─── Input data
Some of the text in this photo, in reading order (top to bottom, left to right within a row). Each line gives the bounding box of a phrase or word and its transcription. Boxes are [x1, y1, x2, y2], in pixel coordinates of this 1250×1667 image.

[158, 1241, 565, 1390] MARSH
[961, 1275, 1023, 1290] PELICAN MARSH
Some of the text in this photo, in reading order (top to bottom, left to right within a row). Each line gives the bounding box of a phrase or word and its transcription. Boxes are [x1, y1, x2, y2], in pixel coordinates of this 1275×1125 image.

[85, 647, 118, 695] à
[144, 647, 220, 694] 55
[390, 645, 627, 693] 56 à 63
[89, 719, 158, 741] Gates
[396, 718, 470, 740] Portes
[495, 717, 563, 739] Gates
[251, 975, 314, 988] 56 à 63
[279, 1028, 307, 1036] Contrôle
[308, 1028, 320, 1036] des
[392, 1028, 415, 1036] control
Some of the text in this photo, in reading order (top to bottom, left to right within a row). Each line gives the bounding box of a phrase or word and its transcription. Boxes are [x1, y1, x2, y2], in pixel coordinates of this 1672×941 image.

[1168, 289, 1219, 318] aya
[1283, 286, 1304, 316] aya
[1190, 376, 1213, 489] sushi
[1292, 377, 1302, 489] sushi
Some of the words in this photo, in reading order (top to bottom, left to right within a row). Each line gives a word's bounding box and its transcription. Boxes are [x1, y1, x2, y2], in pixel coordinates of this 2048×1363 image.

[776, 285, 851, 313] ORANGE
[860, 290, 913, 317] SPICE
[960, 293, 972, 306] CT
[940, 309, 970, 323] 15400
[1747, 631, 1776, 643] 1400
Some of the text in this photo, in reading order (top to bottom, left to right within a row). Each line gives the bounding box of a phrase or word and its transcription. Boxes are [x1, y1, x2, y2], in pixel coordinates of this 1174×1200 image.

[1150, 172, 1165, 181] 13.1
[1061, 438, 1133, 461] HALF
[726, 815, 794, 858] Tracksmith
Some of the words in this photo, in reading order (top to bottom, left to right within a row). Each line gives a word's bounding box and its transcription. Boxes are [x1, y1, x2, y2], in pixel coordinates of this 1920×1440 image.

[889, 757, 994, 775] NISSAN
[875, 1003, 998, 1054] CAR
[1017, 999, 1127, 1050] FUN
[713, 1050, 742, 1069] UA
──────
Task prompt: Reply with an exact copy of the lines running from the one containing "this 1920×1440 image." through the end of the entries above, both ends included.

Completed exercise:
Some of the words in this photo, in reading order (top to bottom, left to right within a row). Each line gives a word's bounding box and its transcription. Boxes are [x1, y1, x2, y2], in pixel coordinates of this 1920×1440 image.

[889, 757, 994, 775] NISSAN
[875, 1003, 998, 1054] CAR
[1017, 999, 1127, 1050] FUN
[713, 1050, 742, 1069] UA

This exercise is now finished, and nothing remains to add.